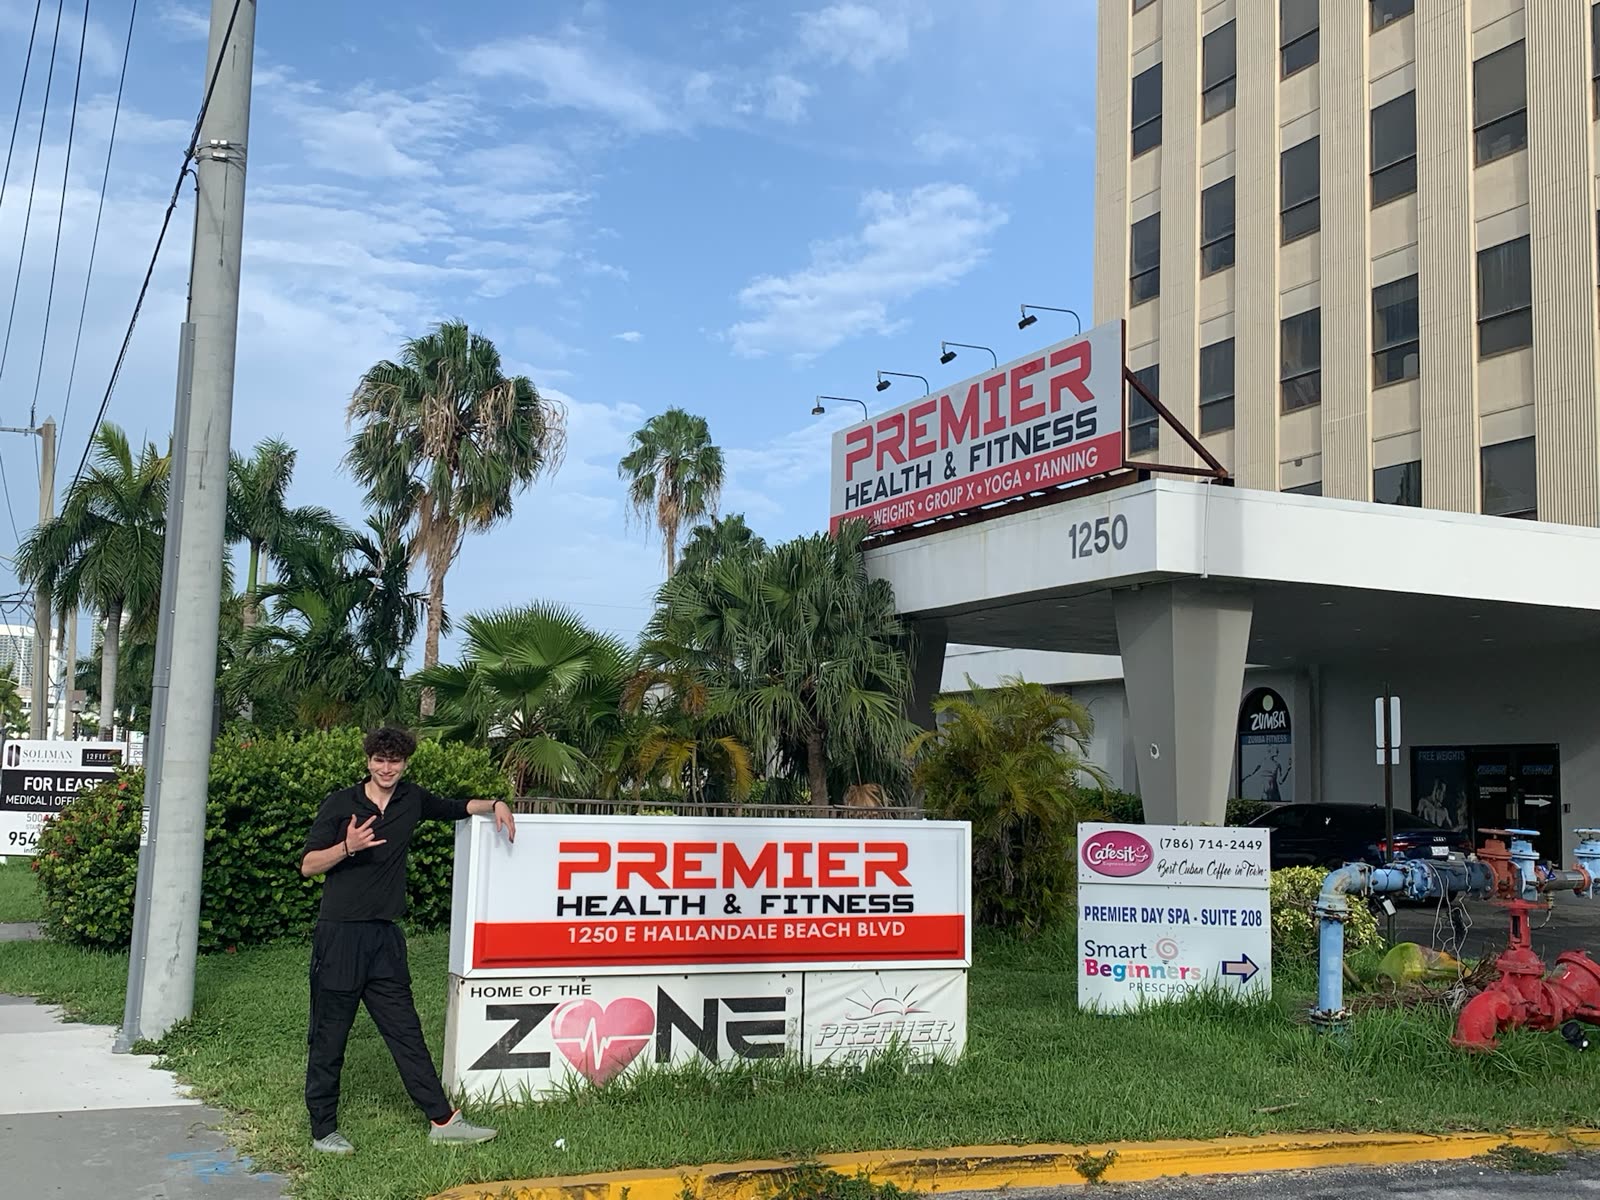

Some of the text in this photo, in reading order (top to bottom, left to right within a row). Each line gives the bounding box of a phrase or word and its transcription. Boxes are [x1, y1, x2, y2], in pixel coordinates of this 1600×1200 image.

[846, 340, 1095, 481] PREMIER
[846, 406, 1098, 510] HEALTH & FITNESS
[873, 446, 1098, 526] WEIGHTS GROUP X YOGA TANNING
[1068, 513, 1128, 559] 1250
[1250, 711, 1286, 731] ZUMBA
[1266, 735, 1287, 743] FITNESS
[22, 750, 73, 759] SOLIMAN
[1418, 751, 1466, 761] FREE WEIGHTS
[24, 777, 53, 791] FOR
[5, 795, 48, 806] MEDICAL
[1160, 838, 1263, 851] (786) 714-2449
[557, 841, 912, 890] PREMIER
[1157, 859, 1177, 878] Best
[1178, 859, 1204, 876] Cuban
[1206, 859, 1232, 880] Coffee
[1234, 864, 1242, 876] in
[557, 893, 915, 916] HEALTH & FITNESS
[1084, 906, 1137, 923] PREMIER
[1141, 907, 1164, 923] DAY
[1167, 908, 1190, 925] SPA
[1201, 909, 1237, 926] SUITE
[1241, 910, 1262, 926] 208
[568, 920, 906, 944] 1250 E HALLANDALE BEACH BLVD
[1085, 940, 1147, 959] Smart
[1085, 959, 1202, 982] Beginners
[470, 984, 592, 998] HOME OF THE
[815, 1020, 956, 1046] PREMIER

- - - - -

**Task to carry out**
All entries above are to be set down word for word, and the pictures are to be left out.

**Exercise solution**
Some of the text in this photo, in reading order (top to bottom, left to right within a row). Each line gives the bounding box of a phrase or word and its transcription. Boxes are [x1, y1, x2, y2], in pixel coordinates of this 1600×1200 image.

[846, 340, 1095, 481] PREMIER
[846, 406, 1098, 510] HEALTH & FITNESS
[873, 446, 1098, 526] WEIGHTS GROUP X YOGA TANNING
[1068, 513, 1128, 559] 1250
[1250, 711, 1286, 731] ZUMBA
[1266, 735, 1287, 743] FITNESS
[22, 750, 73, 759] SOLIMAN
[1418, 751, 1466, 761] FREE WEIGHTS
[24, 777, 53, 791] FOR
[5, 795, 48, 806] MEDICAL
[1160, 838, 1263, 851] (786) 714-2449
[557, 841, 912, 890] PREMIER
[1157, 859, 1177, 878] Best
[1178, 859, 1204, 876] Cuban
[1206, 859, 1232, 880] Coffee
[1234, 864, 1242, 876] in
[557, 893, 915, 916] HEALTH & FITNESS
[1084, 906, 1137, 923] PREMIER
[1141, 907, 1164, 923] DAY
[1167, 908, 1190, 925] SPA
[1201, 909, 1237, 926] SUITE
[1241, 910, 1262, 926] 208
[568, 920, 906, 944] 1250 E HALLANDALE BEACH BLVD
[1085, 940, 1147, 959] Smart
[1085, 959, 1202, 982] Beginners
[470, 984, 592, 998] HOME OF THE
[815, 1020, 956, 1046] PREMIER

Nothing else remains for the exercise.